------ Input data

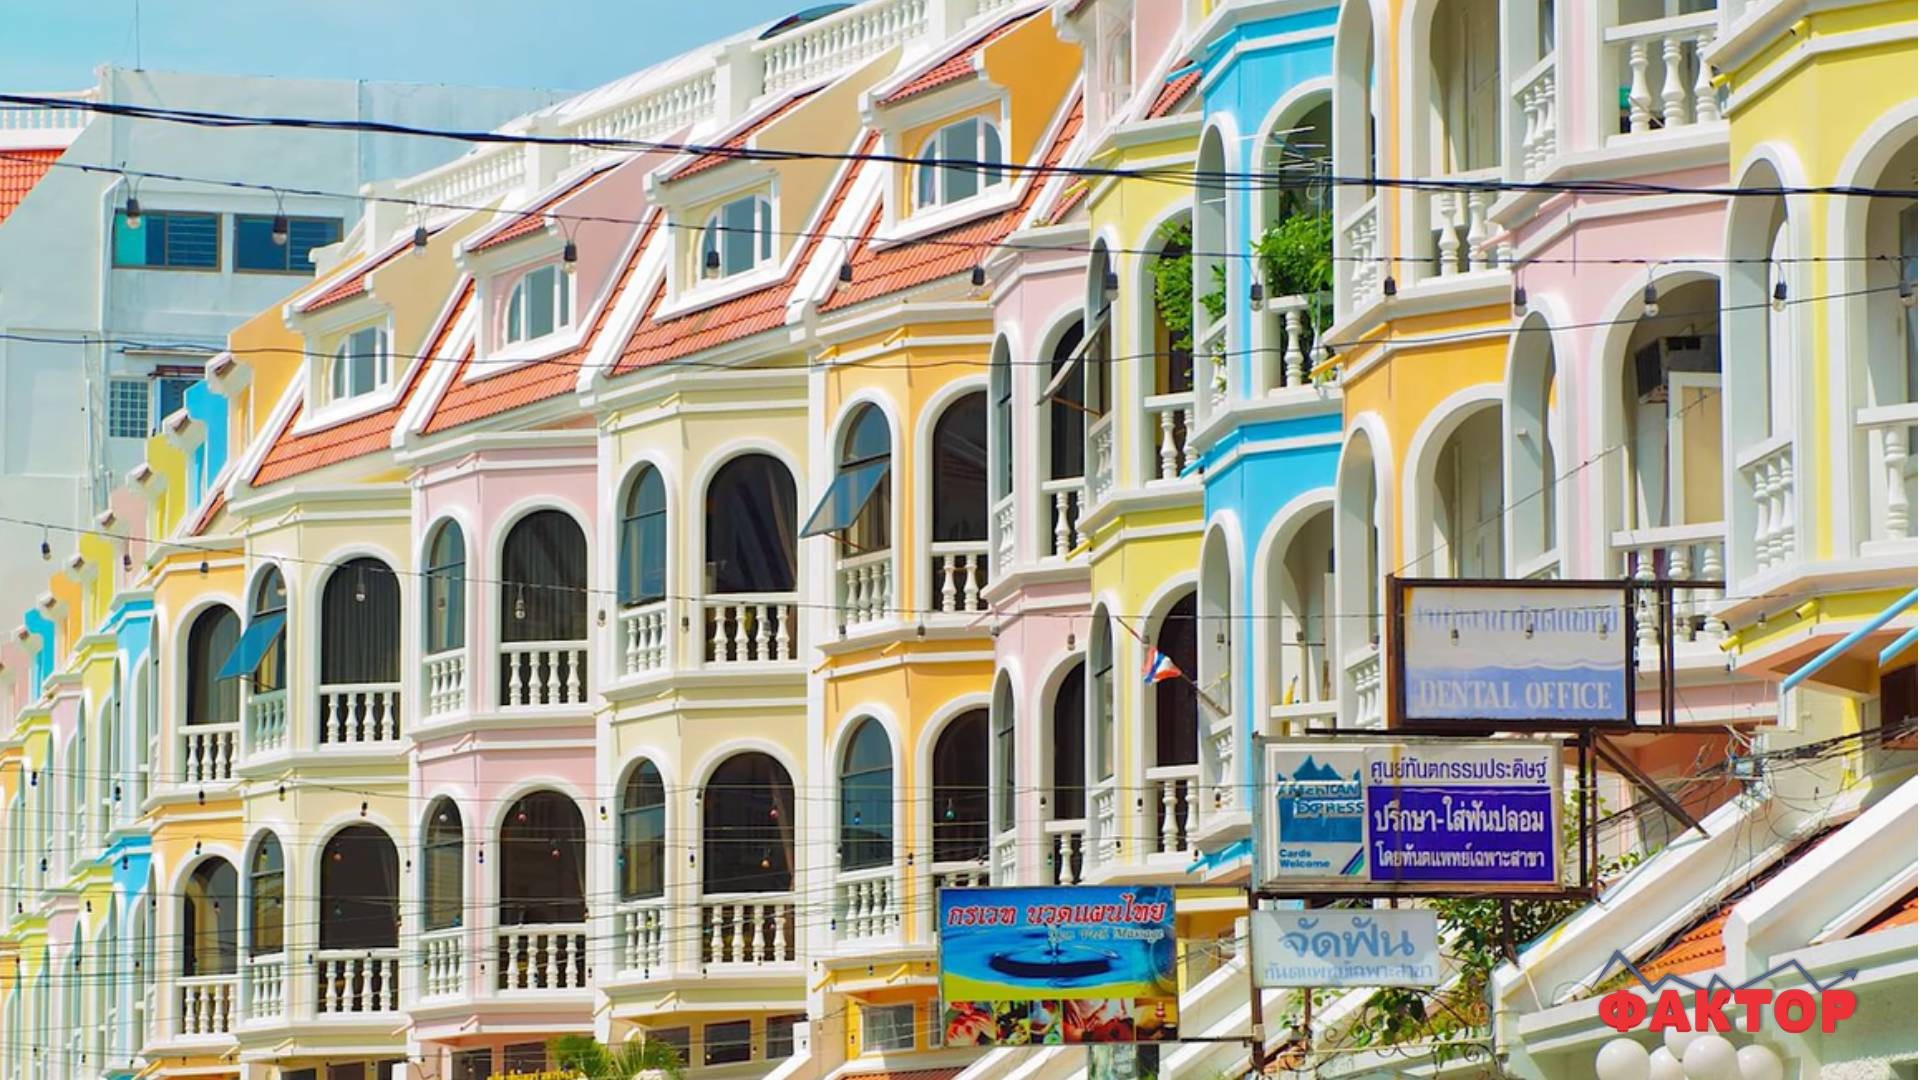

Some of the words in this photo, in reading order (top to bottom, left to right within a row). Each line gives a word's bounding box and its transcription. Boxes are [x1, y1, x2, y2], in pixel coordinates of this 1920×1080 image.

[1418, 679, 1518, 710] DENTAL
[1524, 679, 1613, 710] OFFICE
[1371, 756, 1547, 784] ศูนย์ทันตกรรมประดิษฐ์
[1374, 795, 1545, 832] ปรึกษา-ใส่ฟันปลอม
[1279, 848, 1312, 858] Cards
[1279, 858, 1331, 868] Welcome
[1375, 841, 1545, 867] โดยทันตแพทย์เฉพาะสาขา
[1026, 892, 1167, 924] นวดแผนไทย
[1279, 915, 1416, 958] จัดฟัน
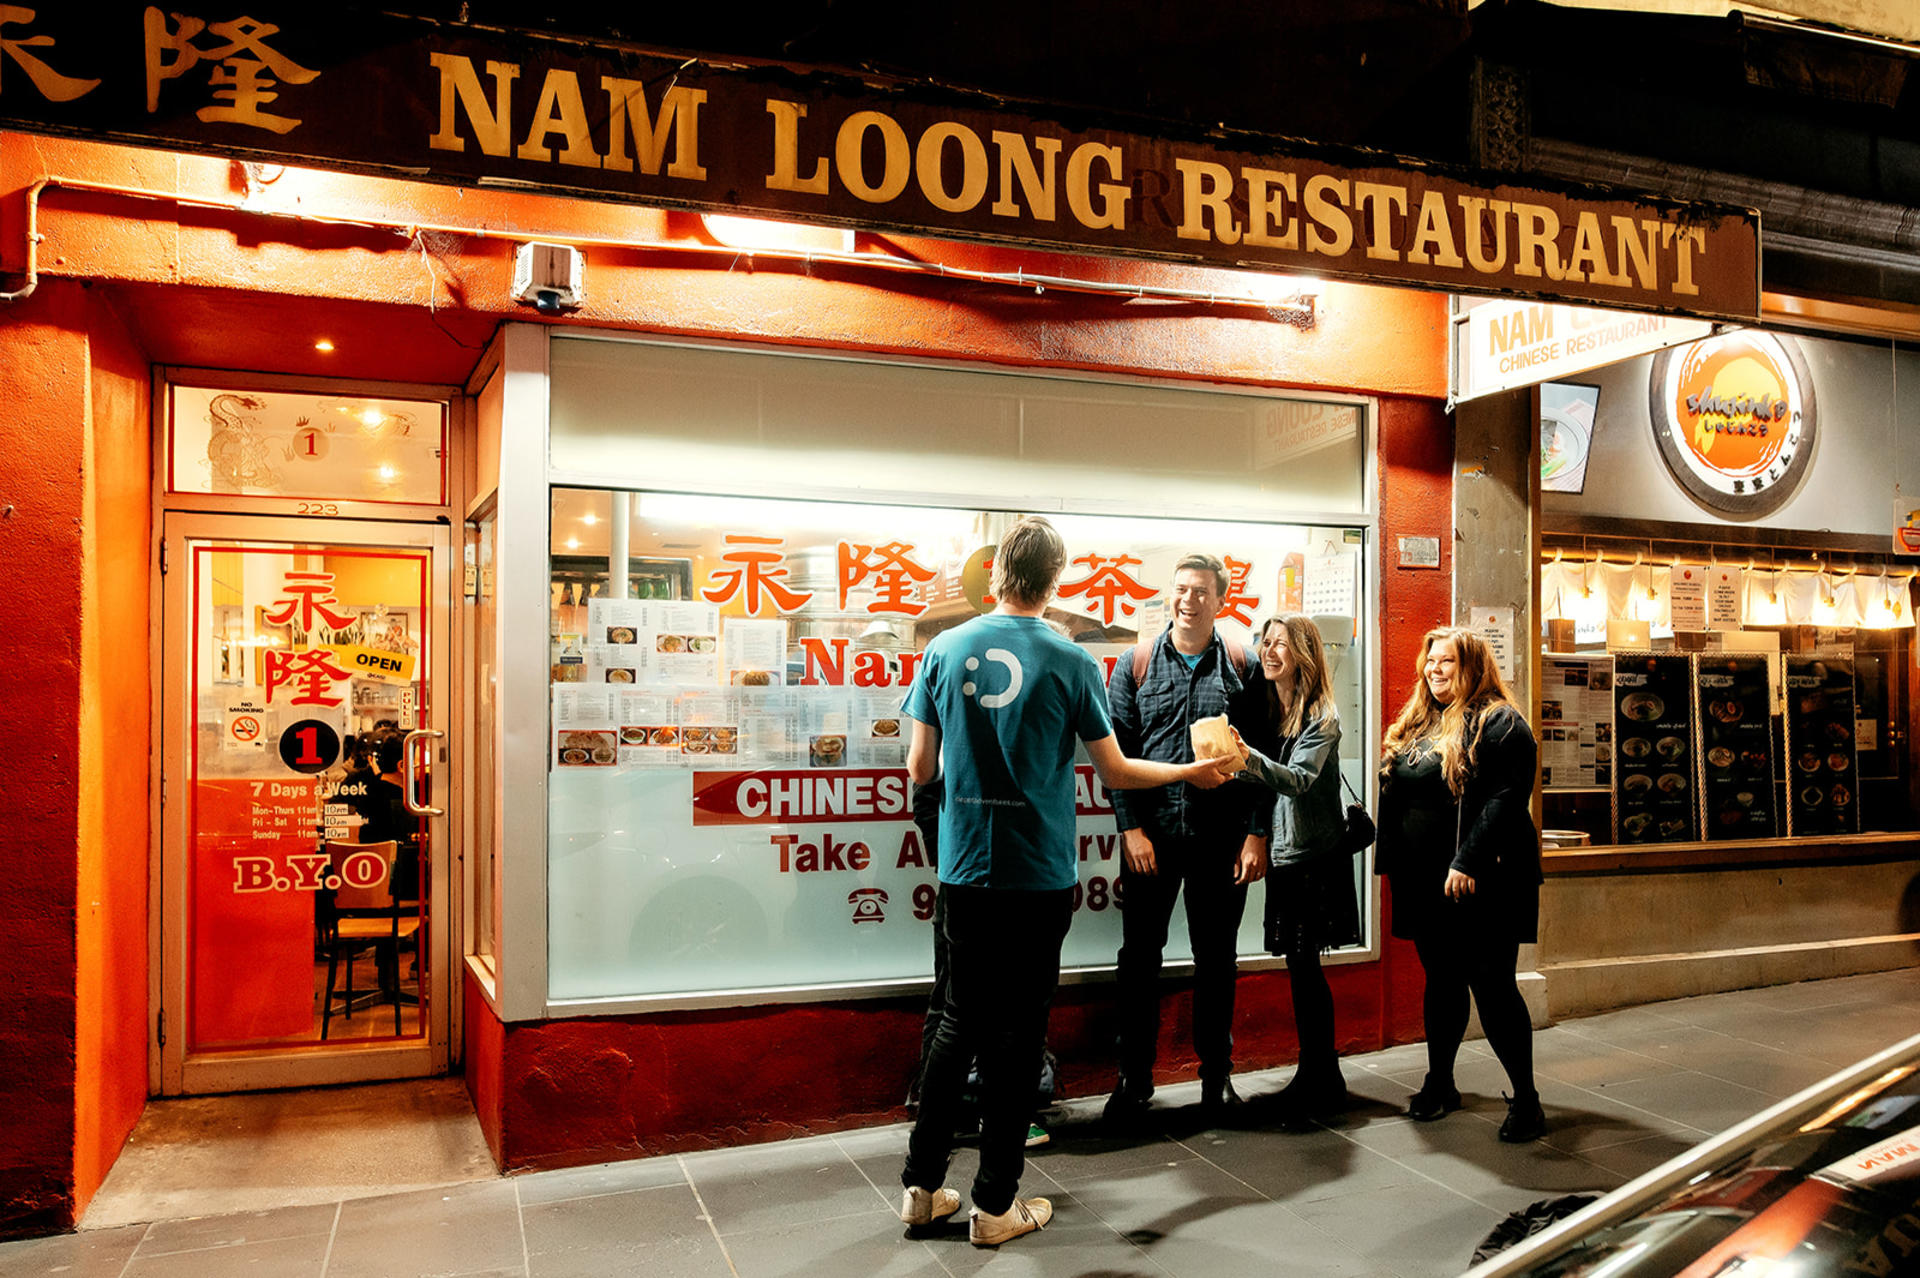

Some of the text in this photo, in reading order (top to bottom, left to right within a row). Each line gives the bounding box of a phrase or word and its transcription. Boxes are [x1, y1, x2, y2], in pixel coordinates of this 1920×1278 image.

[429, 52, 707, 182] NAM
[766, 98, 1131, 231] LOONG
[1175, 158, 1705, 296] RESTAURANT
[1489, 303, 1554, 357] NAM
[1499, 342, 1560, 374] CHINESE
[1566, 315, 1668, 356] RESTAURANT
[303, 432, 318, 456] 1
[297, 503, 339, 516] 223
[356, 653, 403, 672] OPEN
[402, 691, 411, 717] PULL
[295, 727, 323, 764] 1
[250, 782, 367, 799] 7 Days a Week
[252, 817, 265, 827] Fri
[274, 817, 288, 827] Sat
[252, 830, 281, 841] Sunday
[771, 833, 870, 873] Take

------------

● **Task prompt**
Give an exact copy of the data, and omit any pictures it holds.

● **Answer for the task**
Some of the words in this photo, in reading order (top to bottom, left to right within a row). Each line gives a word's bounding box and its transcription. Boxes are [x1, y1, x2, y2], in pixel coordinates of this 1920×1080 image.

[1418, 679, 1518, 710] DENTAL
[1524, 679, 1613, 710] OFFICE
[1371, 756, 1547, 784] ศูนย์ทันตกรรมประดิษฐ์
[1374, 795, 1545, 832] ปรึกษา-ใส่ฟันปลอม
[1279, 848, 1312, 858] Cards
[1279, 858, 1331, 868] Welcome
[1375, 841, 1545, 867] โดยทันตแพทย์เฉพาะสาขา
[1026, 892, 1167, 924] นวดแผนไทย
[1279, 915, 1416, 958] จัดฟัน

Some of the text in this photo, in reading order (top to bottom, left to right within a row). Each line gives the bounding box of a phrase or word and its transcription. Boxes are [x1, y1, x2, y2], in pixel coordinates of this 1920×1278 image.

[429, 52, 707, 182] NAM
[766, 98, 1131, 231] LOONG
[1175, 158, 1705, 296] RESTAURANT
[1489, 303, 1554, 357] NAM
[1499, 342, 1560, 374] CHINESE
[1566, 315, 1668, 356] RESTAURANT
[303, 432, 318, 456] 1
[297, 503, 339, 516] 223
[356, 653, 403, 672] OPEN
[402, 691, 411, 717] PULL
[295, 727, 323, 764] 1
[250, 782, 367, 799] 7 Days a Week
[252, 817, 265, 827] Fri
[274, 817, 288, 827] Sat
[252, 830, 281, 841] Sunday
[771, 833, 870, 873] Take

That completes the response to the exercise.